It’s been 42 days and counting since the Knight Foundation announced that Daily Phoenix, our hybrid platform to deliver news and information to urban audiences by light-rail stop, won startup funding. Back here in the scorching confines of Phoenix, the interest was immediate. Local TV station KTVK-TV Channel 3 interviewed us on their signature program, Good Morning Arizona.

It was an incredible opportunity and an enlightening experience that really helped us out. For those of you who are thinking about doing a new media project or are already working on one, the TV interview format can be a boon as it forces you to sum up your project in small sound bites (while under the extreme pressure of being on live television).

Apparently, we did a great job. How do I know this? Well, when we laid out the basics of the project (our pitch), the anchor, Tess Rafols, thought it made perfect sense and, in fact, was surprised no one had thought of it yet. (The Internet is a pretty big place, so trust us, Tess — this idea is floating around elsewhere.) Still, we were very encouraged, and we think we are bringing a great concept to the table.

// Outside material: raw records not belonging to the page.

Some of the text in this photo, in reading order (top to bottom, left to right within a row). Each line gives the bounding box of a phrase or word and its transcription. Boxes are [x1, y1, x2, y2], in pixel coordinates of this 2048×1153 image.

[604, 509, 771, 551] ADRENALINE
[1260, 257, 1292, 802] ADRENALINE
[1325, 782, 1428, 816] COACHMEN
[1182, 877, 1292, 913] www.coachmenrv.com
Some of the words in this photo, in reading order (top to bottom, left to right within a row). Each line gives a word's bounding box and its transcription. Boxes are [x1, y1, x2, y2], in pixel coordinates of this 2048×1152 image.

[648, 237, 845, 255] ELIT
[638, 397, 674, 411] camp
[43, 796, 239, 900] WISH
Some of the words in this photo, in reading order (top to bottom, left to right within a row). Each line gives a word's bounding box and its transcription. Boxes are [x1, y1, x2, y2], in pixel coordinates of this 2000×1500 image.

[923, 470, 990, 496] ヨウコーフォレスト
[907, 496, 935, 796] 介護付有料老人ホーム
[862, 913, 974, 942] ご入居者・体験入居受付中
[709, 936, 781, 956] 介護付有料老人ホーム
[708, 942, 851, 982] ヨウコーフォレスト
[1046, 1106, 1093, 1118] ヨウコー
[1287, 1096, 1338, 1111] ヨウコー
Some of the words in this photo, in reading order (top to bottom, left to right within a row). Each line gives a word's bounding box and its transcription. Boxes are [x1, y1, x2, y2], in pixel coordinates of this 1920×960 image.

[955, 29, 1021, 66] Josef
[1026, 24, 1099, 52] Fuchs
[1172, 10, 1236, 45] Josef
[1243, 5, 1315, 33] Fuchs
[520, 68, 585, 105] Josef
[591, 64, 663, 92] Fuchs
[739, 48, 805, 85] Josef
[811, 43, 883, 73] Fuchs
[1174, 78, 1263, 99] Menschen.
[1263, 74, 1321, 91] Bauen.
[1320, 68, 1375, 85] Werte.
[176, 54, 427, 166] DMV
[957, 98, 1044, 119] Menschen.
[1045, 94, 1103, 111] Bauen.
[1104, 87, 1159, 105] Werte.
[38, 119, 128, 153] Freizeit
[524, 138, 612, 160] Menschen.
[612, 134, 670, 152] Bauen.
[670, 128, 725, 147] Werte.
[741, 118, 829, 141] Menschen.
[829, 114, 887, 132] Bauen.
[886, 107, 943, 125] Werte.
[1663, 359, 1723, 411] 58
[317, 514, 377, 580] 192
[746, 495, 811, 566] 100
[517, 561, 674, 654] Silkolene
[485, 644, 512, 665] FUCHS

Now for the fun part: The interview also made us re-think our name, Daily Phoenix.

This has been a source of angst for us since the interview. Why? Well, the word “Daily” doesn’t really add much utility to the name and isn’t very descriptive. It’s on the Web, so, of course, anything can be “daily.” Originally, we thought it made sense because it gave people the sense that this is a publication — which, indeed, is the exact reaction we have received. But others have said that it sounds like “old media.”

The word “Phoenix” is also troubling. The bulk of our light-rail system is in Phoenix, but it also runs out to the suburbs of Tempe and Mesa. Although newbies use the word “Phoenix” to refer to the region, using “Phoenix” in our name could alienate local folks (our primary users).

As a result, we’ve decided to brainstorm a new list of names over the next two weeks. This will be a collaborative tool for the community, so, in that spirit, I’d like to toss out this opportunity to the Idea Lab audience for help. We can’t offer fame or fortune, but we can offer that cocktail party “coolness” factor if your name — or some mashup of names submitted below — actually sticks.

Here are our basic guidelines:

  • Our project uses web, print and mobile technologies to deliver information by light-rail stop to urban audiences. They can collaborate or use it to guide themselves around the city’s news, events and services.
  • Because of this, they should feel like they have control over their environment. This is an empowering tool for them.
  • It’s location-based knowledge — meaning it has an awareness at a certain point and time.
  • Whatever the name is, it would be nice if it could become a verb among our users (i.e., “googled”).

That’s it! Although we’re coming up with our own list, any suggestions below in the comments are welcome. Thanks!